Saved entries:
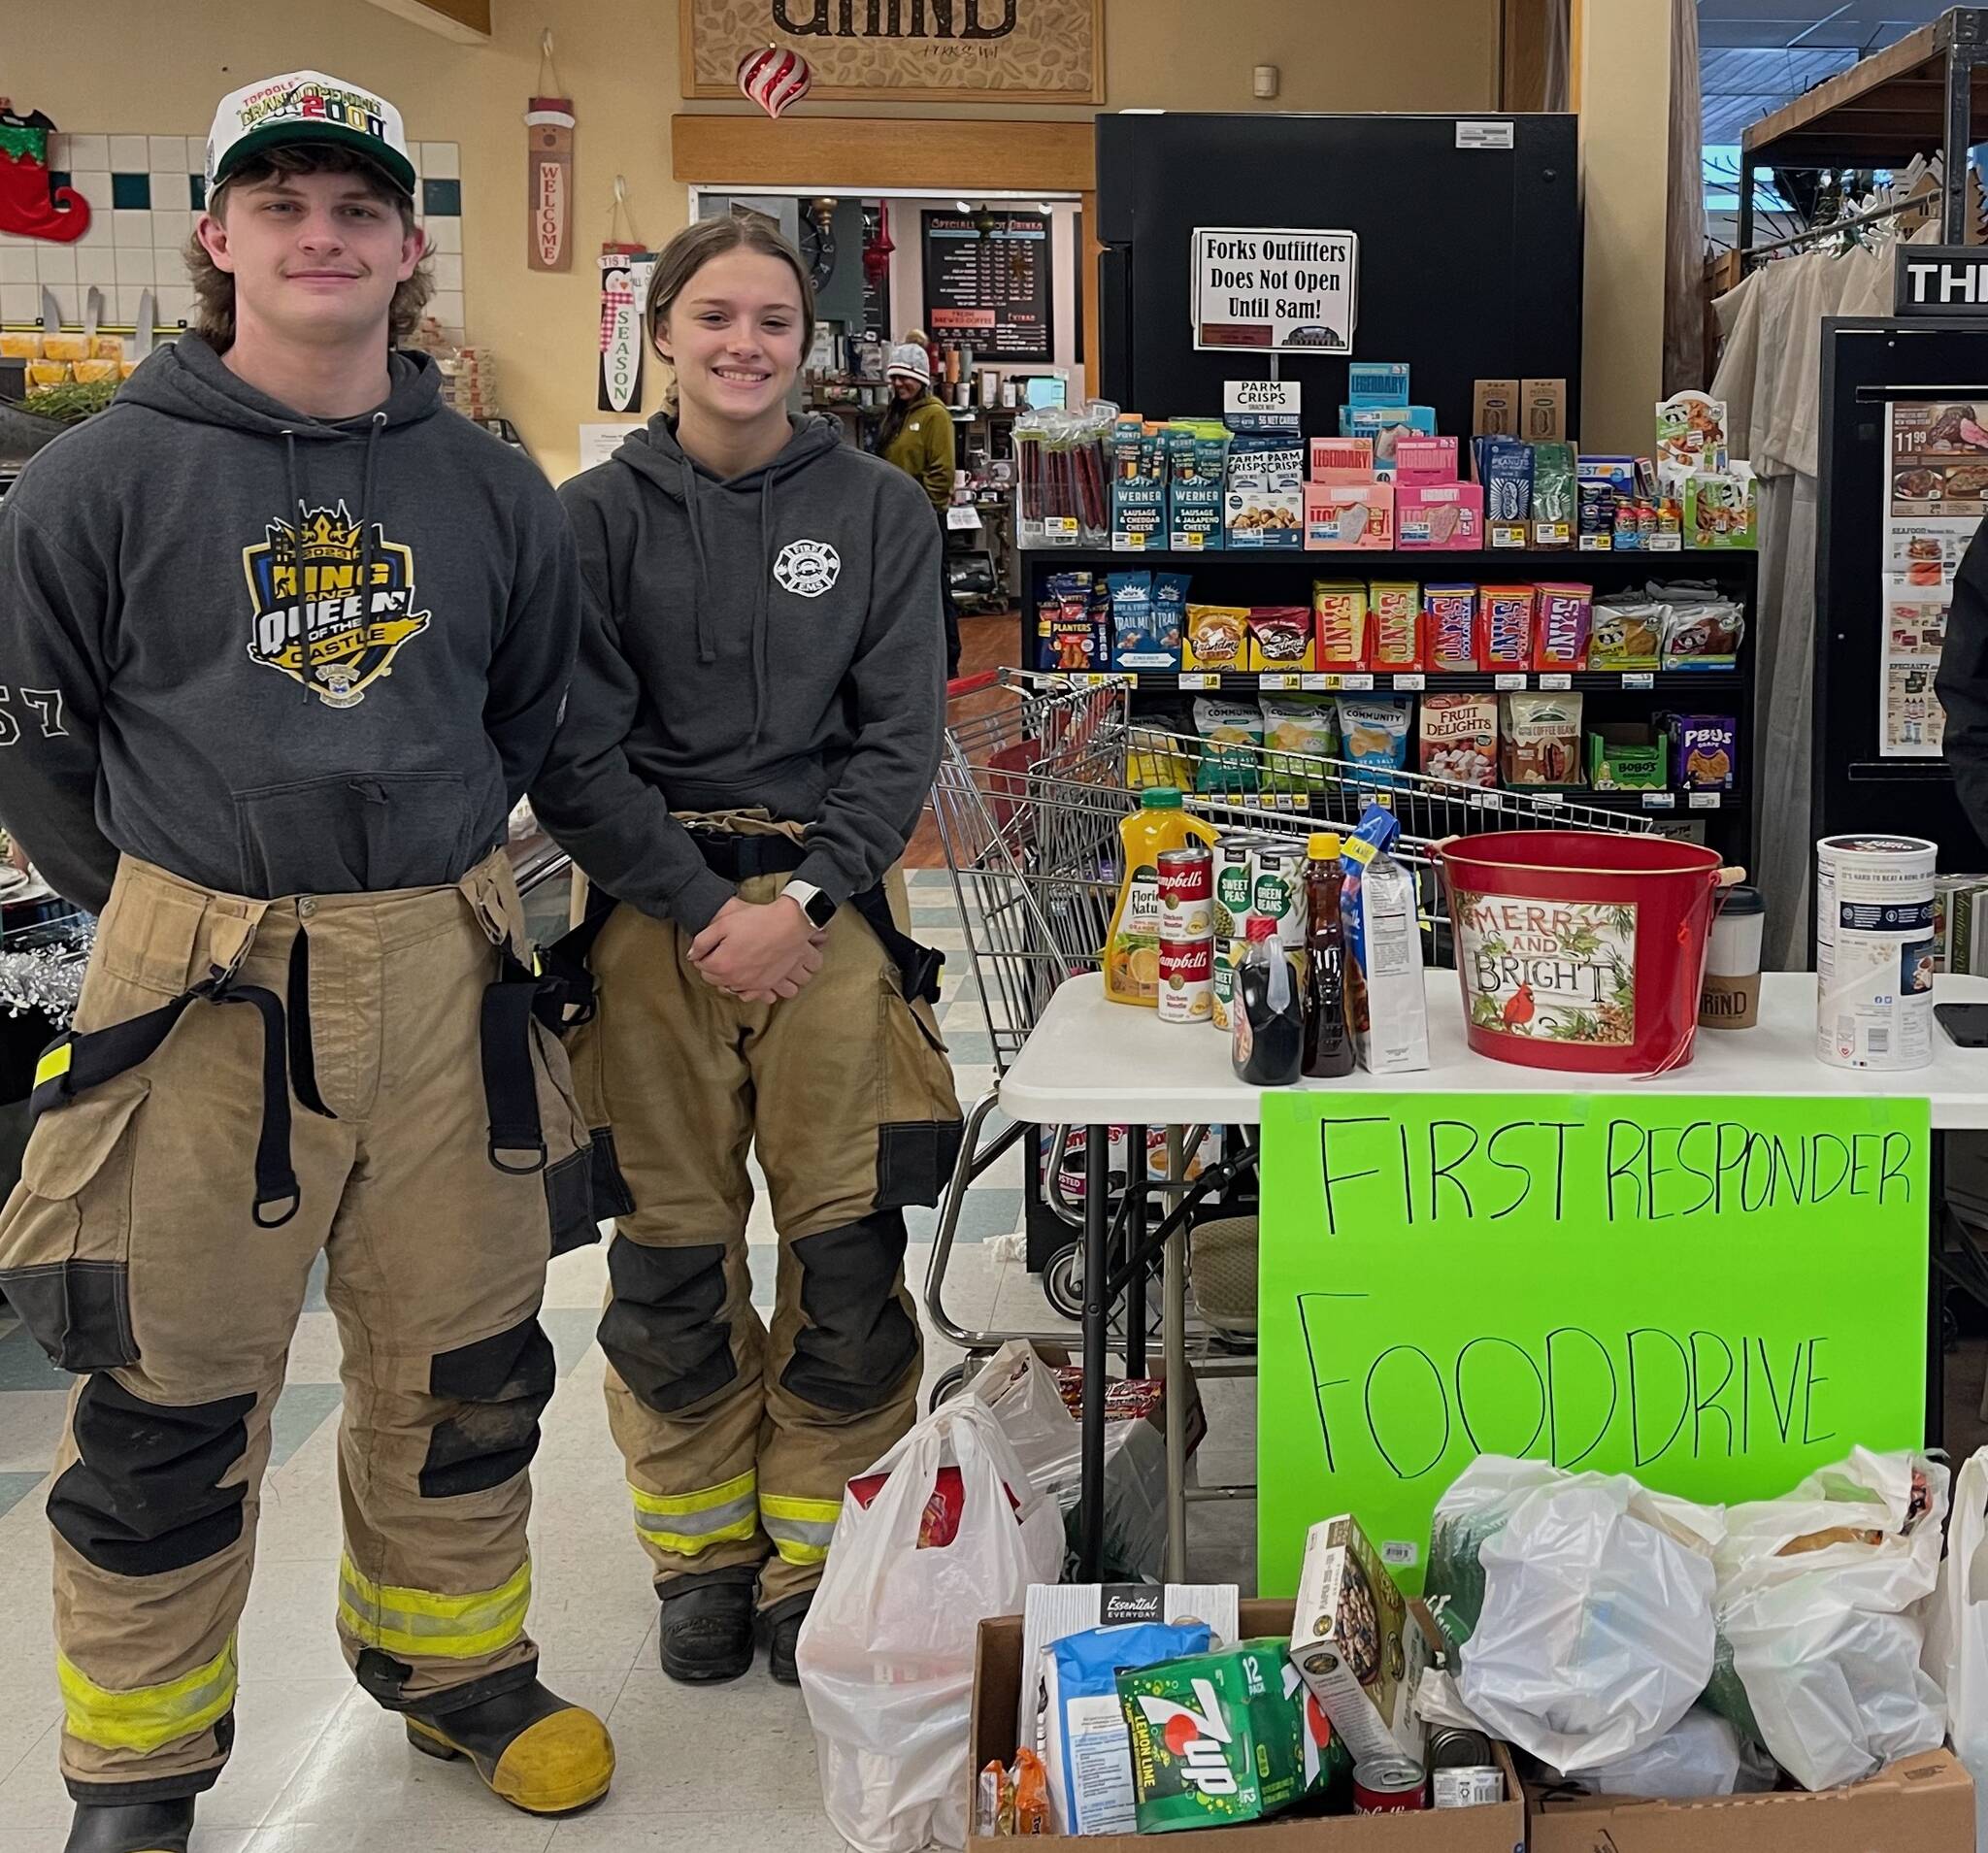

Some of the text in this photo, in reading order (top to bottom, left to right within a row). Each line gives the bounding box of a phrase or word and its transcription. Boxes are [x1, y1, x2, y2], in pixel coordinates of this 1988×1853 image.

[302, 96, 385, 141] 2000
[541, 166, 560, 260] WELCOME
[822, 244, 835, 252] 3
[1207, 239, 1346, 262] Forks Outfitters
[819, 262, 830, 274] 4
[1210, 268, 1341, 293] Does Not Open
[1229, 297, 1321, 318] Until 8am!
[613, 311, 632, 399] SEASON
[1242, 382, 1281, 392] PARM
[1238, 392, 1286, 405] CRISPS
[1228, 454, 1263, 464] PARM
[1268, 451, 1301, 462] PARM
[1227, 463, 1267, 474] CRISPS
[1117, 490, 1162, 501] WERNER
[1176, 490, 1218, 501] WERNER
[793, 545, 818, 554] FIRE
[273, 563, 389, 600] KING
[798, 581, 823, 591] EMS
[306, 588, 354, 602] AND
[259, 591, 406, 654] QUEEN
[308, 617, 362, 642] OF THE
[1053, 623, 1092, 632] PLANTERS
[291, 627, 385, 664] CASTLE
[1346, 711, 1402, 721] COMMUNITY
[1441, 708, 1478, 723] FRUIT
[1426, 719, 1492, 736] DELIGHTS
[1618, 762, 1658, 773] BOBO'S
[1222, 879, 1248, 891] SWEET
[1224, 891, 1245, 903] PEAS
[1257, 887, 1282, 900] GREEN
[1257, 900, 1282, 911] BEANS
[1473, 905, 1607, 938] MERRY
[1512, 936, 1558, 954] AND
[1474, 949, 1615, 1004] BRIGHT
[1320, 1116, 1914, 1237] FIRST RESPONDER
[1297, 1293, 1838, 1478] FOOD DRIVE
[1107, 1596, 1158, 1611] Essential
[1242, 1655, 1263, 1684] 12
[1134, 1715, 1156, 1788] LEMON LIME
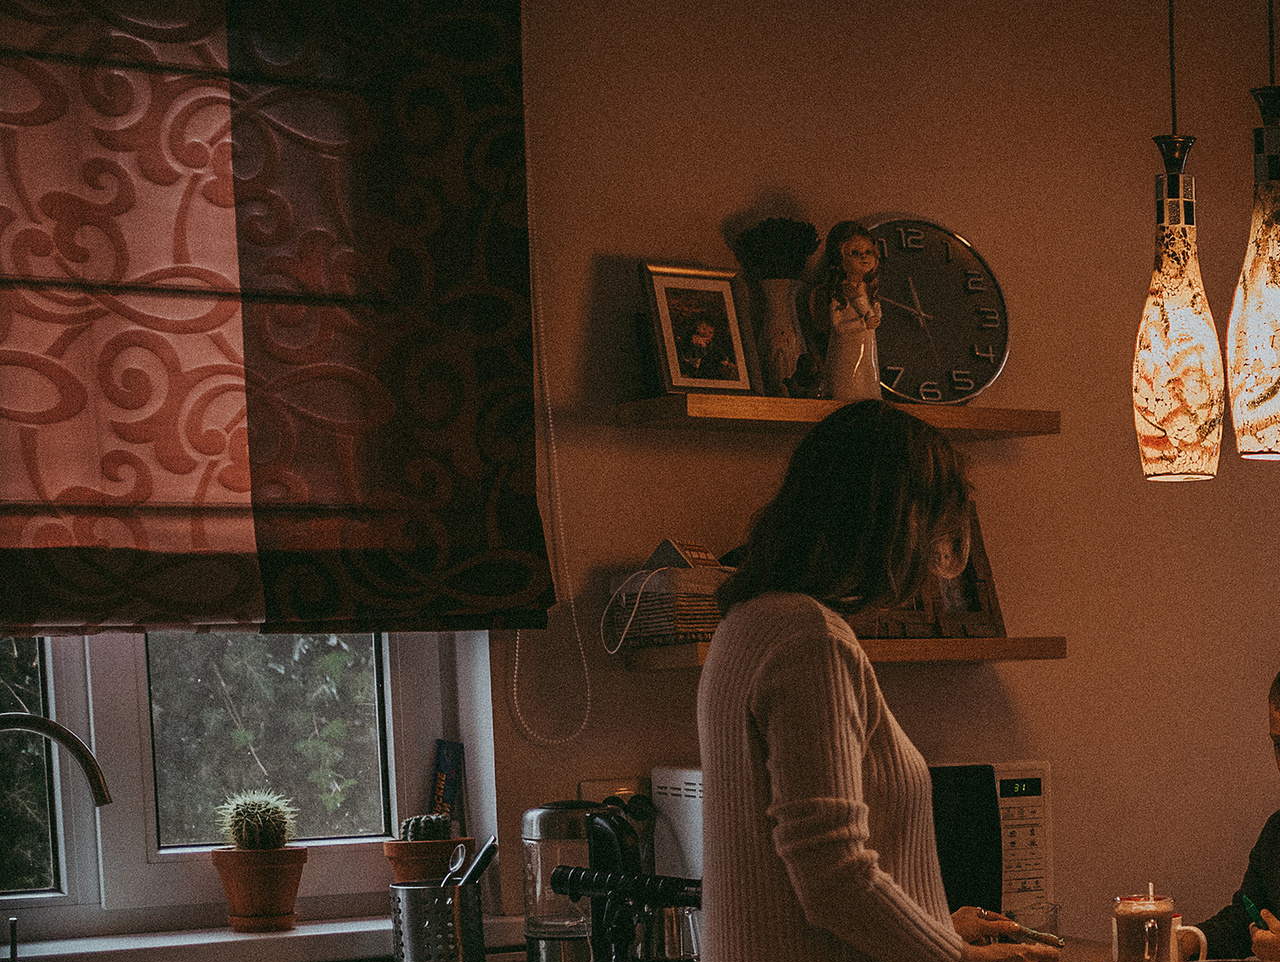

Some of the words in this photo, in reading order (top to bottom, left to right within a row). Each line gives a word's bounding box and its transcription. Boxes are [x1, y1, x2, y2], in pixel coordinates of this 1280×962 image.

[896, 228, 925, 249] 12
[942, 240, 953, 260] 1
[965, 270, 985, 290] 2
[981, 307, 1000, 328] 3
[974, 343, 995, 364] 4
[887, 366, 905, 389] 7
[952, 370, 975, 391] 5
[919, 381, 942, 401] 6
[433, 771, 446, 815] ЬСКИЕ
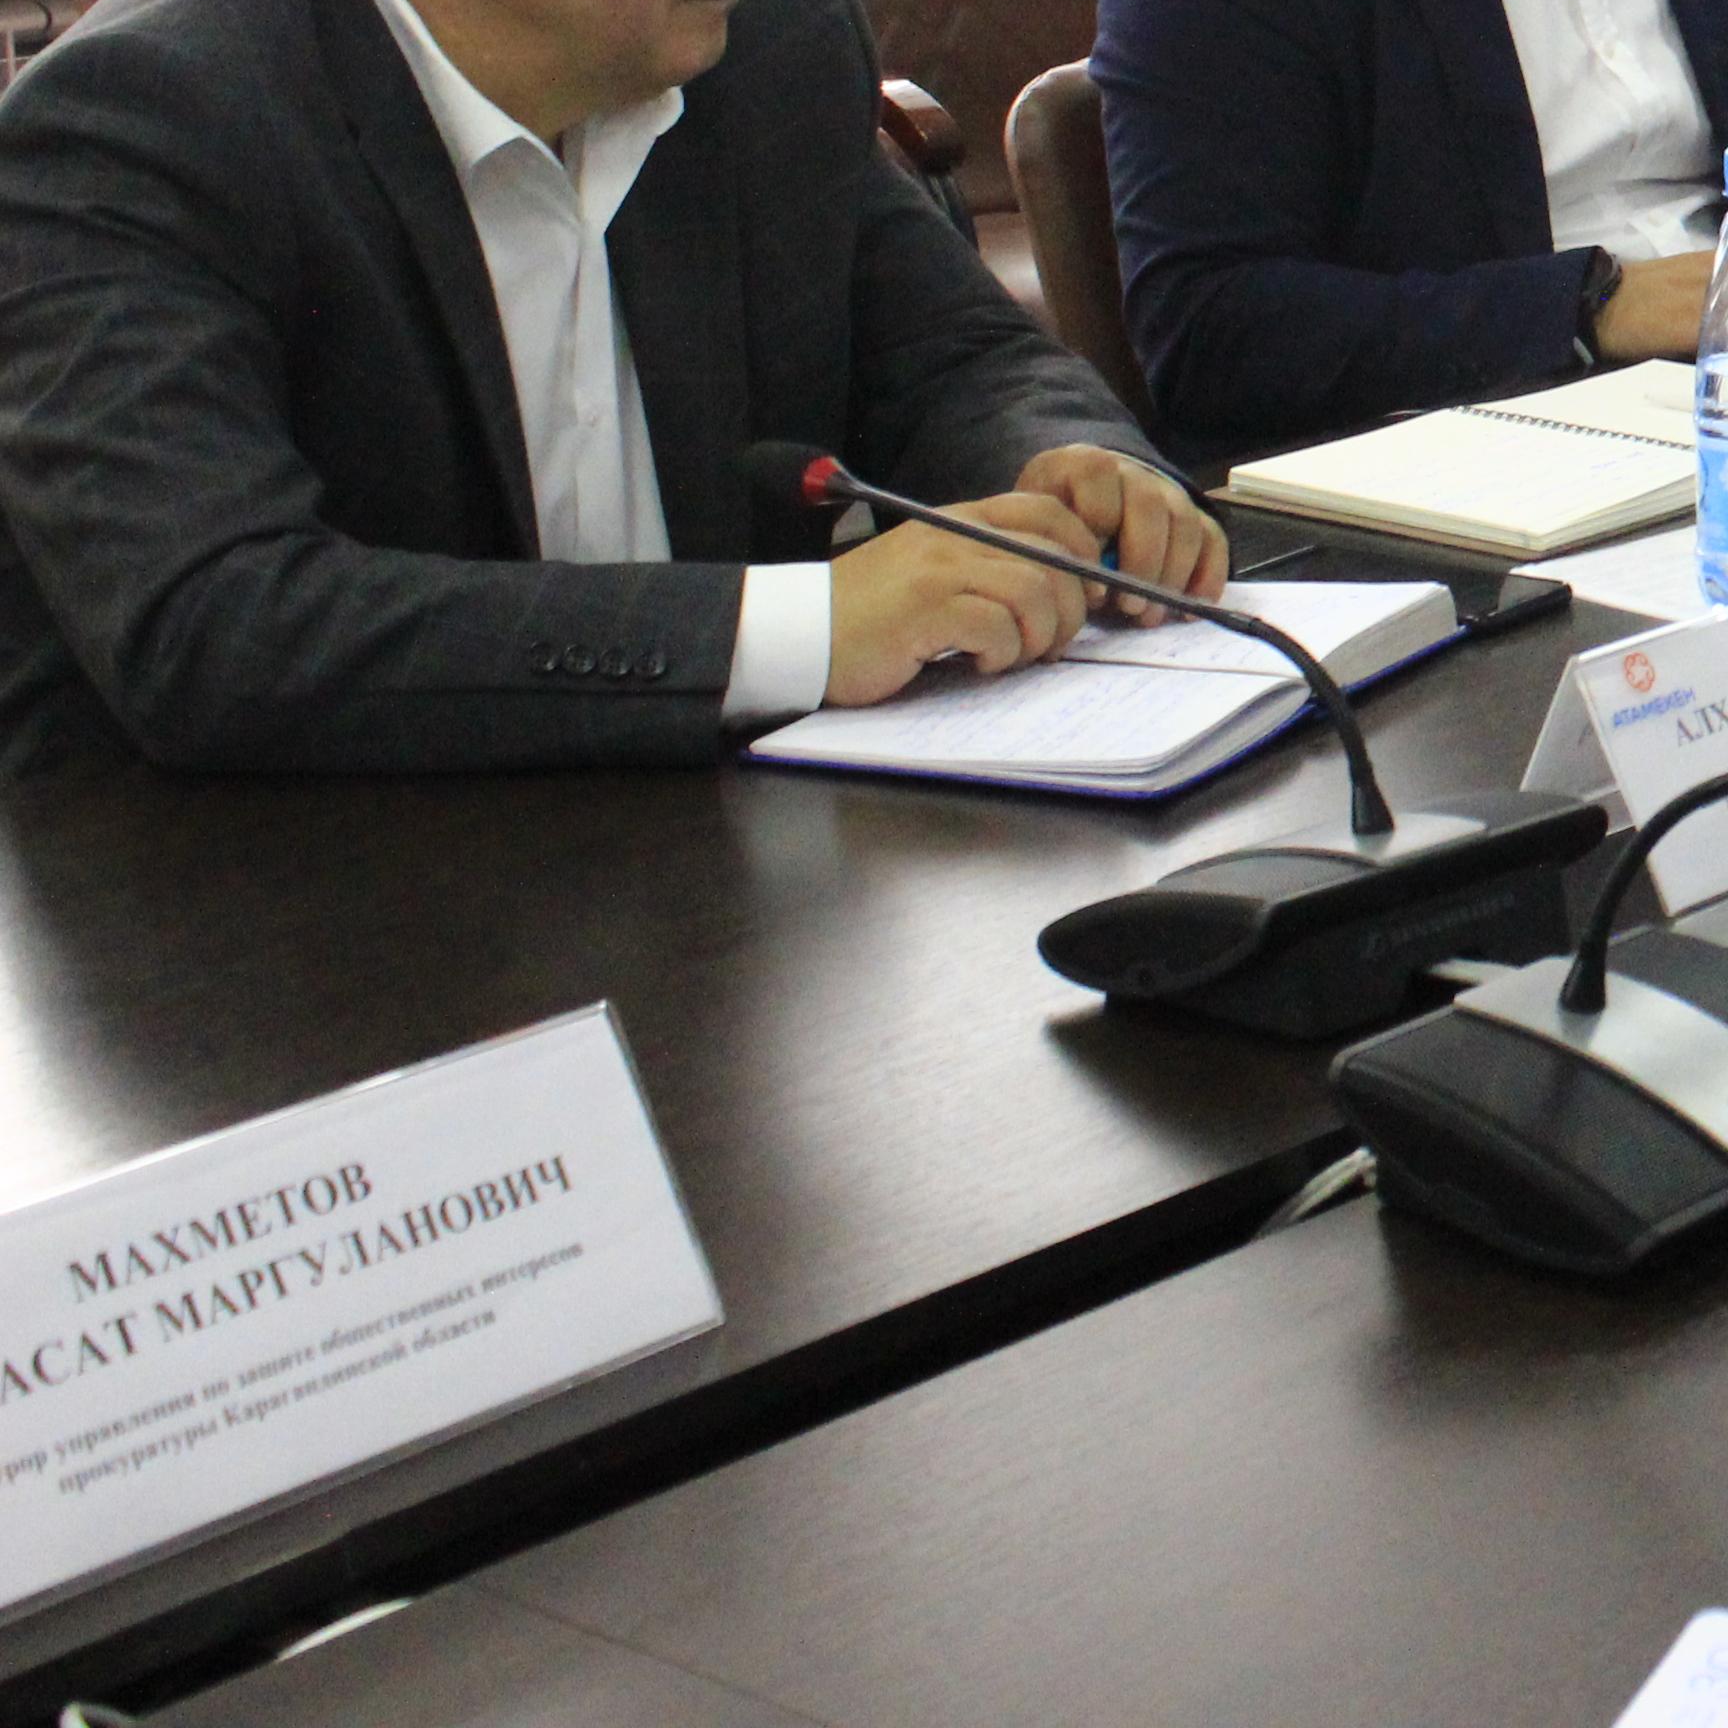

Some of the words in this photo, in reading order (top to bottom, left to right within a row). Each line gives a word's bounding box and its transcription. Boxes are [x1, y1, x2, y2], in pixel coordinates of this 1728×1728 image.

## What the task requires
Every entry, exactly as written: transcribe it, passing over any pictures.

## Your solution
Some of the text in this photo, in reading order (top to bottom, left to right within a row). Each line gives the bounding box of a phrase or word and its transcription. Boxes are [x1, y1, x2, y2], in pixel coordinates of this 1988×1853 image.

[302, 96, 385, 141] 2000
[541, 166, 560, 260] WELCOME
[822, 244, 835, 252] 3
[1207, 239, 1346, 262] Forks Outfitters
[819, 262, 830, 274] 4
[1210, 268, 1341, 293] Does Not Open
[1229, 297, 1321, 318] Until 8am!
[613, 311, 632, 399] SEASON
[1242, 382, 1281, 392] PARM
[1238, 392, 1286, 405] CRISPS
[1228, 454, 1263, 464] PARM
[1268, 451, 1301, 462] PARM
[1227, 463, 1267, 474] CRISPS
[1117, 490, 1162, 501] WERNER
[1176, 490, 1218, 501] WERNER
[793, 545, 818, 554] FIRE
[273, 563, 389, 600] KING
[798, 581, 823, 591] EMS
[306, 588, 354, 602] AND
[259, 591, 406, 654] QUEEN
[308, 617, 362, 642] OF THE
[1053, 623, 1092, 632] PLANTERS
[291, 627, 385, 664] CASTLE
[1346, 711, 1402, 721] COMMUNITY
[1441, 708, 1478, 723] FRUIT
[1426, 719, 1492, 736] DELIGHTS
[1618, 762, 1658, 773] BOBO'S
[1222, 879, 1248, 891] SWEET
[1224, 891, 1245, 903] PEAS
[1257, 887, 1282, 900] GREEN
[1257, 900, 1282, 911] BEANS
[1473, 905, 1607, 938] MERRY
[1512, 936, 1558, 954] AND
[1474, 949, 1615, 1004] BRIGHT
[1320, 1116, 1914, 1237] FIRST RESPONDER
[1297, 1293, 1838, 1478] FOOD DRIVE
[1107, 1596, 1158, 1611] Essential
[1242, 1655, 1263, 1684] 12
[1134, 1715, 1156, 1788] LEMON LIME

Some of the words in this photo, in reading order (top to bottom, left to right within a row). Each line gives a word's bounding box and its transcription. Boxes are [x1, y1, x2, y2], in pixel coordinates of this 1280×962 image.

[896, 228, 925, 249] 12
[942, 240, 953, 260] 1
[965, 270, 985, 290] 2
[981, 307, 1000, 328] 3
[974, 343, 995, 364] 4
[887, 366, 905, 389] 7
[952, 370, 975, 391] 5
[919, 381, 942, 401] 6
[433, 771, 446, 815] ЬСКИЕ

Some of the words in this photo, in reading order (top to bottom, left to right within a row). Each line gives a word's bounding box and its transcription. Boxes are [x1, y1, x2, y2], in pixel coordinates of this 1728×1728 image.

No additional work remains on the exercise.